No dia 1, o Diário de Notícias editou, no guiaDN, três páginas intituladas Os dias da rádio. Há 80 anos começavam as emissões regulares em Portugal [na imagem, microfone de CT1AA, um dos pioneiros da rádio em Portugal. Gentileza do Museu da Rádio].

Nessas páginas, surgem duas peças assinadas pela jornalista Ana Pago, uma sobre o programa Oceano Pacífico, da RFM, e outra sobre o Museu da Rádio. A meu ver, duas belas peças - em especial a dedicada ao museu da rua do Quelhas, o ano passado tão publicitado por se temer o seu fim.

As duas peças da jornalista não referem uma só vez a data dos 80 anos da radiodifusão. Aliás, numa das citações atribuidas a Alexandra Fraga, do Museu da Rádio, lê-se: "Convivemos diariamente com 90 anos da história da rádio portuguesa".

Eu fora alertado pelos blogues da rádio, nomeadamente por um post de A Rádio em Portugal, chamando a atenção para notícias publicadas no Comércio do Porto e Diário de Notícias. Coloquei lá um comentário e parti para a investigação. A estranheza é: porquê o título apontar para 80 anos de radiodifusão em Portugal? A dúvida é: e porque não oitenta e um anos?

A minha defesa

No livro de Gordon Bussey (1990), Wireless. The crucial decade, 1924-34, escreve o autor que, no começo de 1924, as estações de rádio existentes emitiam com baixa potência, exceptuando "5XX e, curiosamente, Portugal" (pág. 25). Bussey não referencia o nome da estação portuguesa, e inclusive pode ter a data errada no respeitante à nossa emissora.

A revista Rádio Lisboa Magazine, de Junho de 1925, destaca que, em finais de 1923, foi pedida regulamentação para TSF, isto é, autorização para emitir rádio. E conta a história do amador Sousa Dias Melo - proprietário da mesma revista - que faria, alguns meses mais tarde, a primeira emissão radiofónica, mesmo sem legislação aprovada. Isto num pequeno emissor de 50 watts de potência mas chegando a ouvir-se a quatrocentos quilómetros de distância. A data 1924 não aparece no texto, mas um documento pessoal do mesmo amador assinala esse ano como o começo da sua actividade.

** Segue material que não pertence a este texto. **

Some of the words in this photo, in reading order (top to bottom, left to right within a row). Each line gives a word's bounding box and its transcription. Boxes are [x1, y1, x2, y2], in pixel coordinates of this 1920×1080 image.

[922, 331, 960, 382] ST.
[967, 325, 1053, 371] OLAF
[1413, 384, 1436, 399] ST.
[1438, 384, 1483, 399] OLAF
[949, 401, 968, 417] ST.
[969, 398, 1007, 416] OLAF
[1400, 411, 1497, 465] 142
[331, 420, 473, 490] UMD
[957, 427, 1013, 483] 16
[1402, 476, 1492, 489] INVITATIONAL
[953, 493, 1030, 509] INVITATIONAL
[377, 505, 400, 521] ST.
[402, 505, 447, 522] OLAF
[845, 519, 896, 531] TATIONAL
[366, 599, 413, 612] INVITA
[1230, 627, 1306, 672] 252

Trata-se de um pedido de renovação da licença de radioamador, feita em 1947. Nesse pedido, ele salienta que os seus trabalhos, "em matéria de radiocomunicações, [com] uma estação própria, datam de 1924". O mesmo radioamador escrevera noutra ocasião: "O funcionamento da estação emissora experimental que possuo desde Julho de 1924 com o indicativo internacional de chamada CT1AB, que me foi fornecido pela Rede dos Emissores Portugueses, de que sou filiado. [...] Trata-se efectivamente da primeira estação nacional de amador [de] emissões musicais, ouvidas naquela época em muitos pontos do país" (texto citado no meu artigo Nos 75 anos de emissões regulares de rádio - histórias de pioneiros, editado pela revista Observatório, em 2000).

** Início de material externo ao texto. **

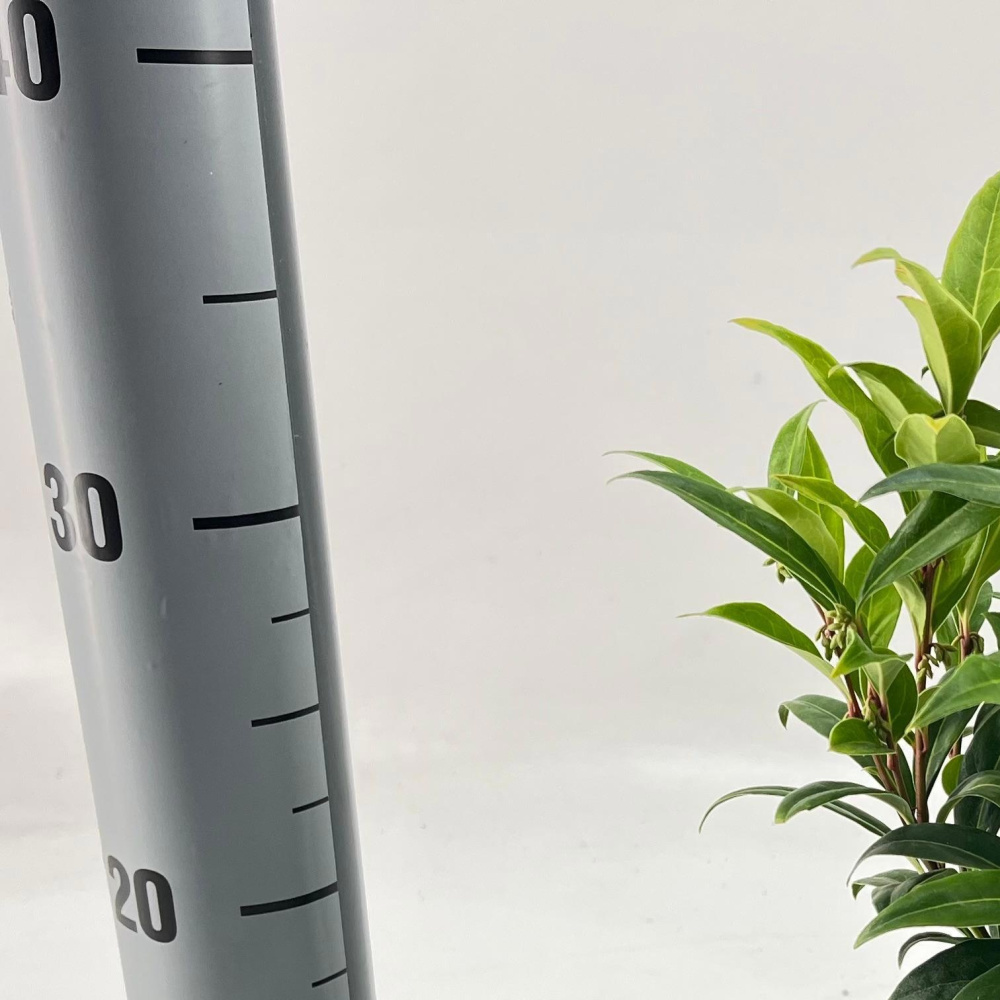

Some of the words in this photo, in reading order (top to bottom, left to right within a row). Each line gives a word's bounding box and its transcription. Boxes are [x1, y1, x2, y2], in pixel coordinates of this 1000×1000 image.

Na página 118 da revista TSF em Portugal, correspondente à edição de 28 de Dezembro de 1924 - que se visualiza, na sua totalidade, no blogue Rádio em 1924 - lê-se: "1PAA tem feito interessantíssimas experiências tendo já por diversas vezes transmitido concertos que têm agradado imenso a todos os que o têm ouvido tanto em nitidez, como em intensidade" (esta e cópias de outros documentos da época podem ler-se em dimensão grande no mesmo blogue, imagens alojadas no sítio A Minha Rádio, do meu caro amigo António Silva, do Porto, a quem agradeço a gentileza).

Curiosamente, Abílio Nunes dos Santos Júnior, com o indicativo CT1AA (inicialmente P1AA), considerado pioneiro da radiodifusão no nosso país, em documento também feito em 1947, para renovação da licença de radioamador (como acima indiquei para Sousa Dias Melo), não refere correctamente a data de início de actividade, avançando para 1926.

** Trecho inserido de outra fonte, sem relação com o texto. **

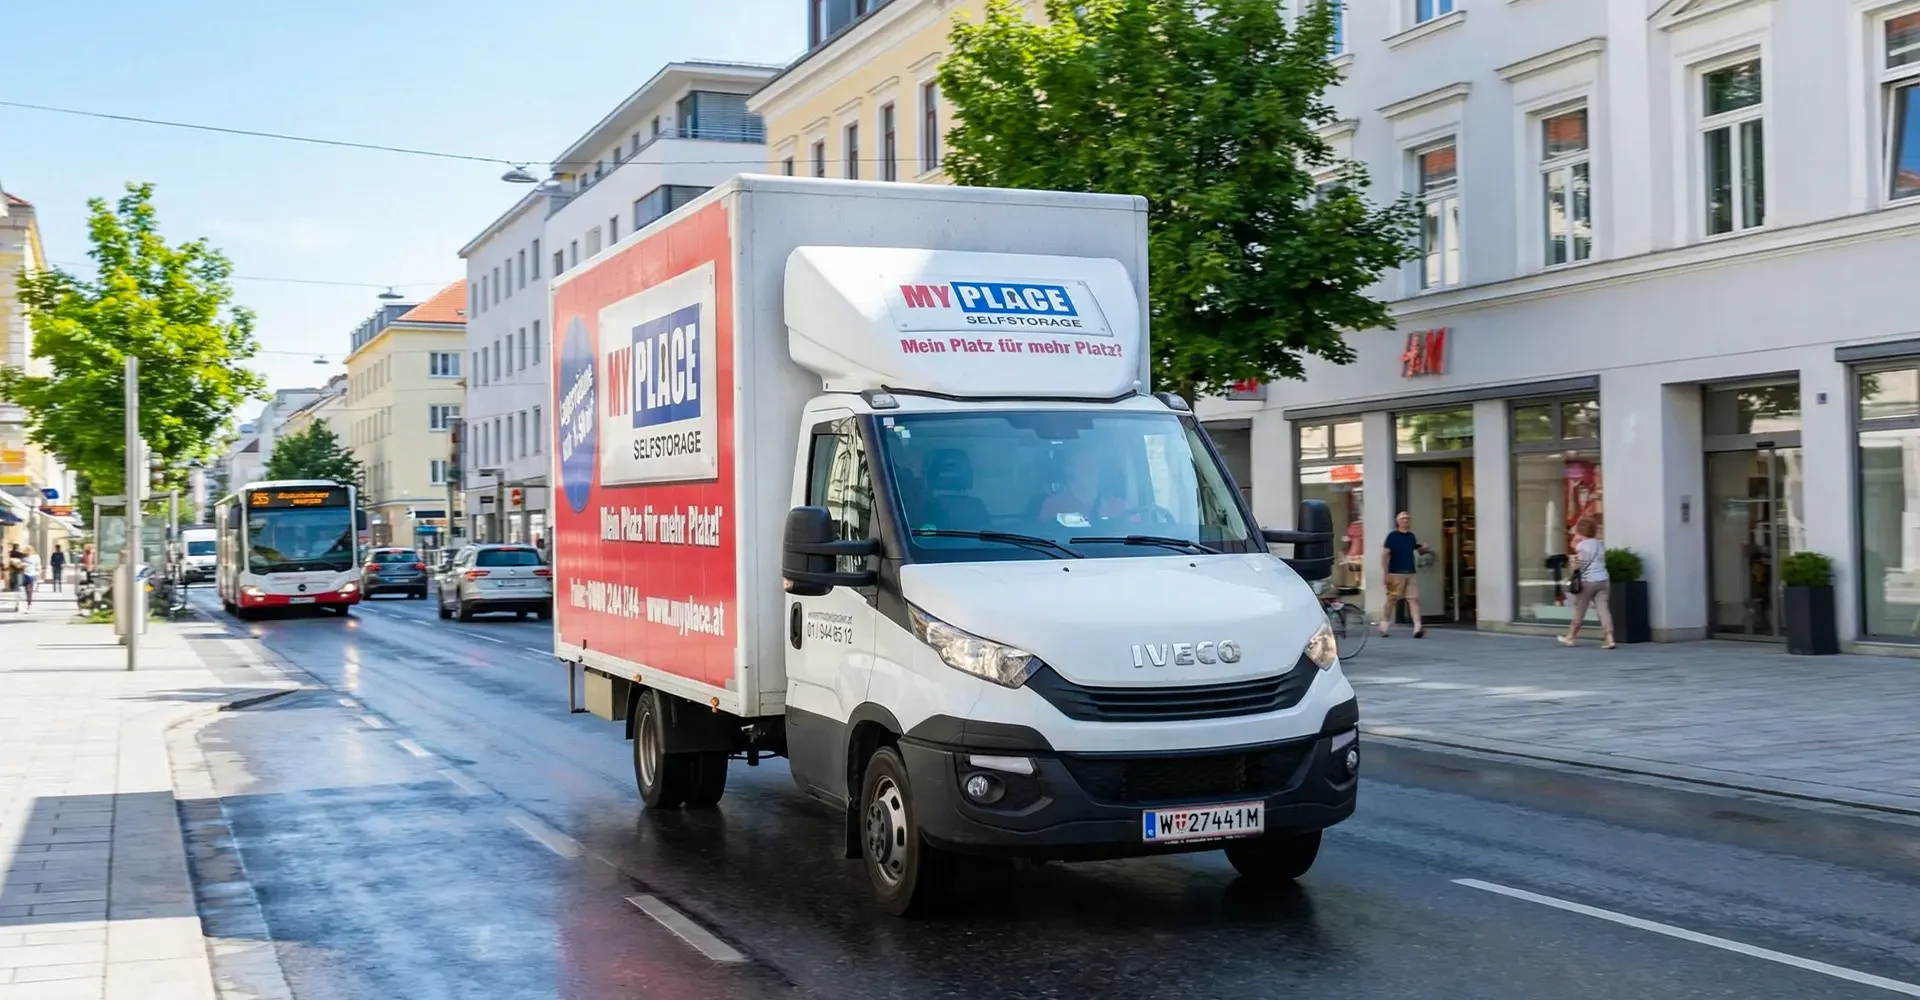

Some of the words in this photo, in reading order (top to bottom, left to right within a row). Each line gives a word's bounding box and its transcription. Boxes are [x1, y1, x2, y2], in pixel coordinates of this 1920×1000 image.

[900, 285, 951, 308] MY
[957, 286, 1070, 312] PLACE
[966, 316, 1083, 328] SELFSTORAGE
[901, 339, 946, 354] Mein
[950, 338, 995, 353] Platz
[998, 339, 1023, 353] für
[1028, 340, 1071, 354] mehr
[608, 346, 631, 418] MY
[635, 323, 697, 412] PLACE
[633, 430, 701, 460] SELFSTORAGE
[660, 505, 686, 544] mehr
[646, 594, 724, 636] www.myplace.at
[1131, 639, 1241, 668] IVECO
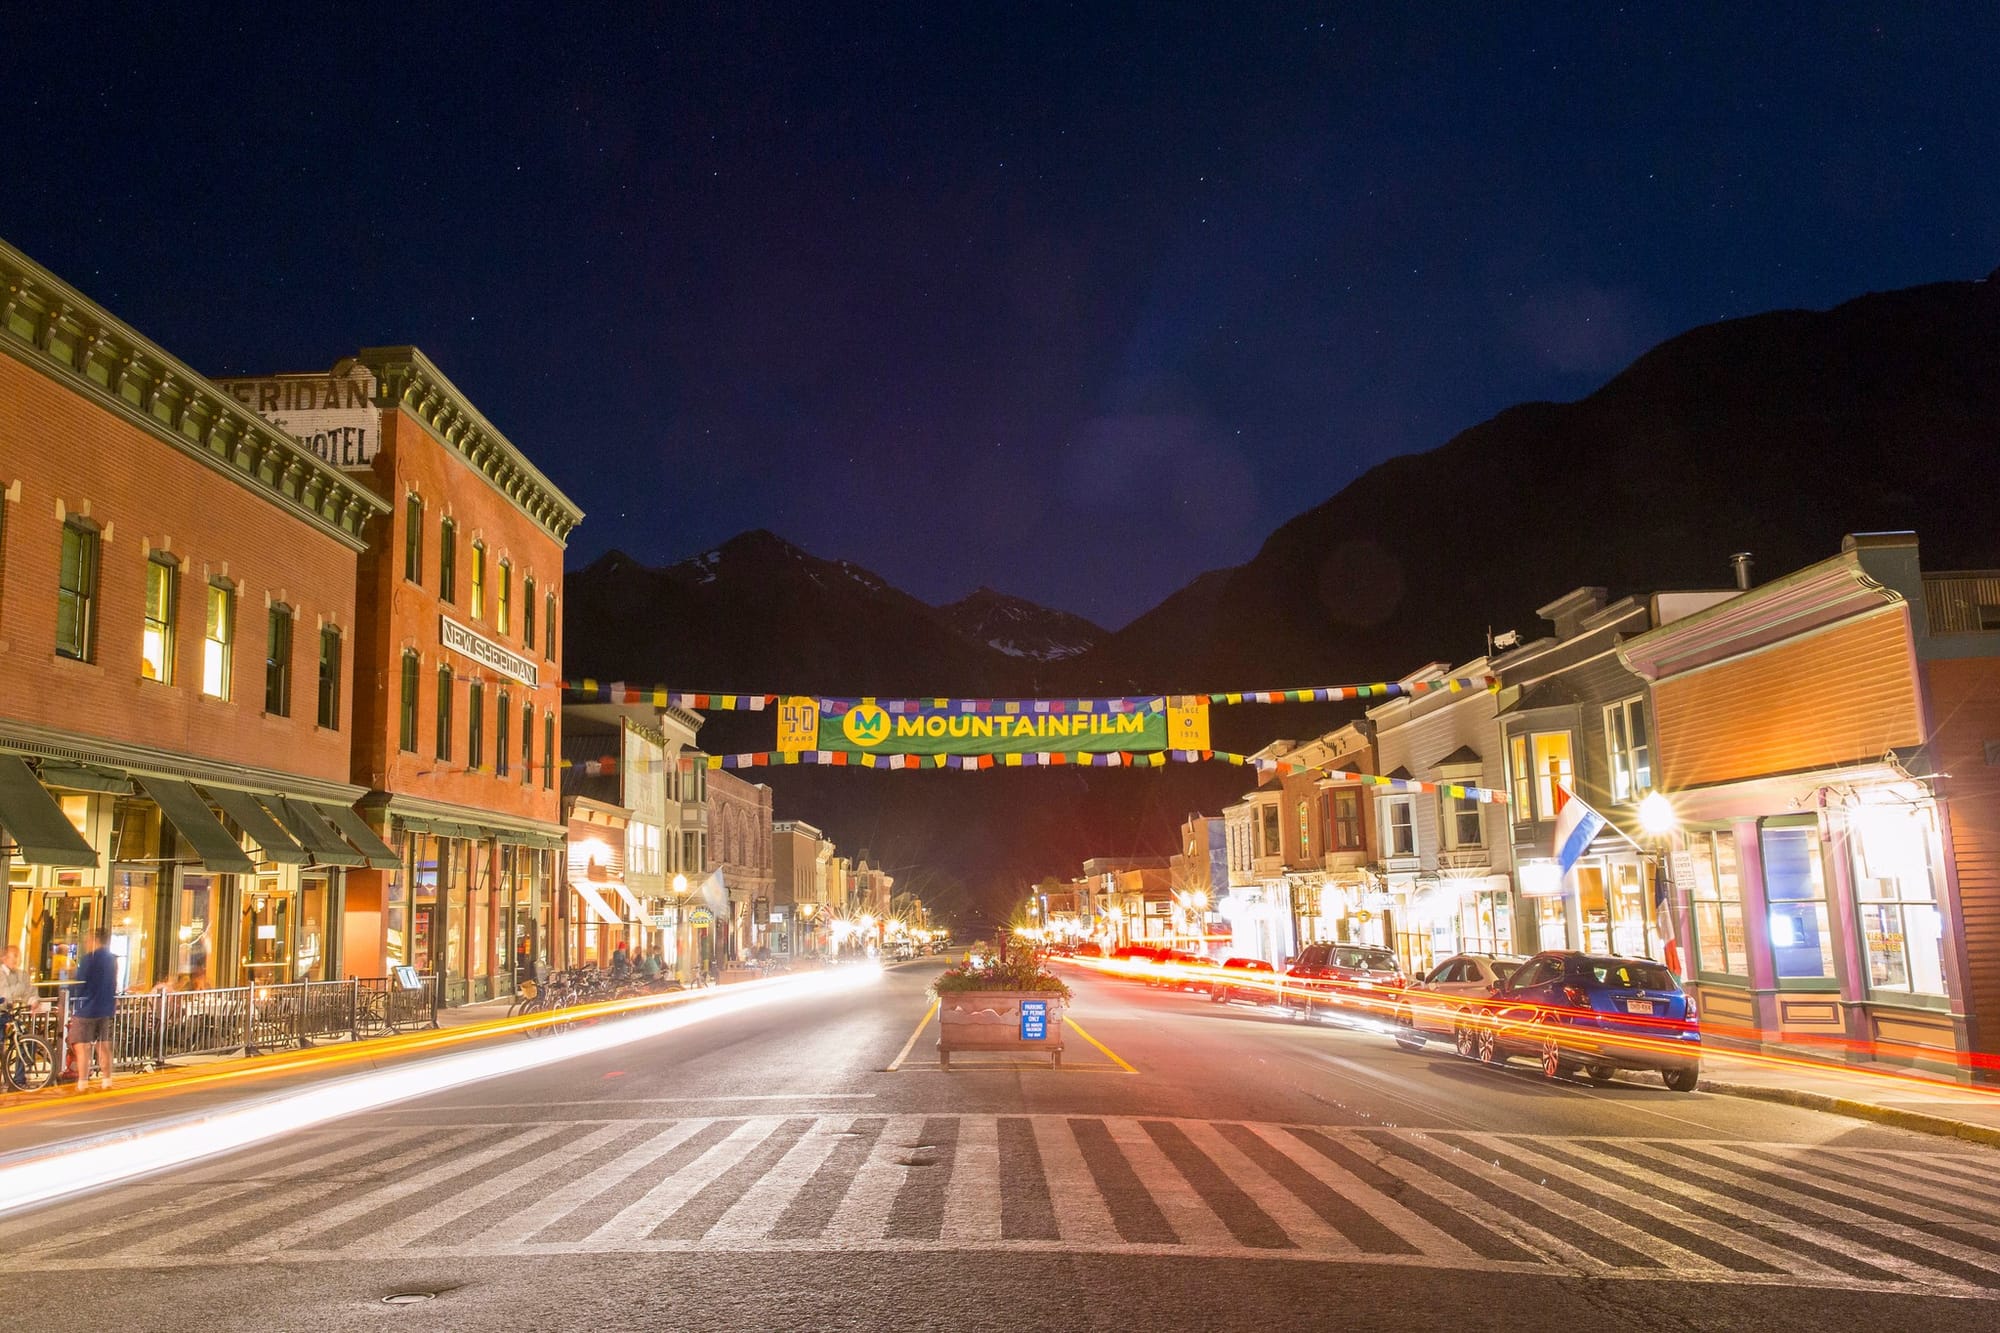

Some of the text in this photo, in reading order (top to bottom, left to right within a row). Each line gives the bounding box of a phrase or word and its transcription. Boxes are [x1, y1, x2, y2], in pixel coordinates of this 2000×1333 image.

[444, 621, 534, 682] NEW SHERIDAN
[783, 706, 814, 733] 40
[897, 711, 1144, 737] MOUNTAINFILM
[782, 735, 813, 743] YEARS

A meu ver, a razão é uma falha de memória. Ou, então, porque queria agradar à entidade licenciadora, lembrando 1926 como a data da fundação do regime.

Os erros

O facto de terem sido publicadas notícias comemorando os 80 anos de radiodifusão em Portugal no passado dia 1 não é muito grave em si. Recordou-se a história da rádio e deu-se relevo ao belo espaço que é o museu da Rádio, propriedade da RTP. Não se pode imputar o erro à jornalista, que escreveu muito bem sobre o tema.

O problema deve atribuir-se à falta de estudos sistemáticos sobre a história da rádio e dos media em geral no nosso país. Eu próprio, no texto que escrevi em 2000 acima referido, questionei as datas de início e apresentei uma proposta. Reconheço agora que ela também não estava certa. Até então, o começo da radiodifusão era considerado em Outubro de 1925, nomeadamente no livro de Matos Maia (Telefonia, 1995), até hoje o livro mais completo que temos no país, e no catálogo do RDP (60 anos de rádio em Portugal, 1925-1985, lançado em 1986).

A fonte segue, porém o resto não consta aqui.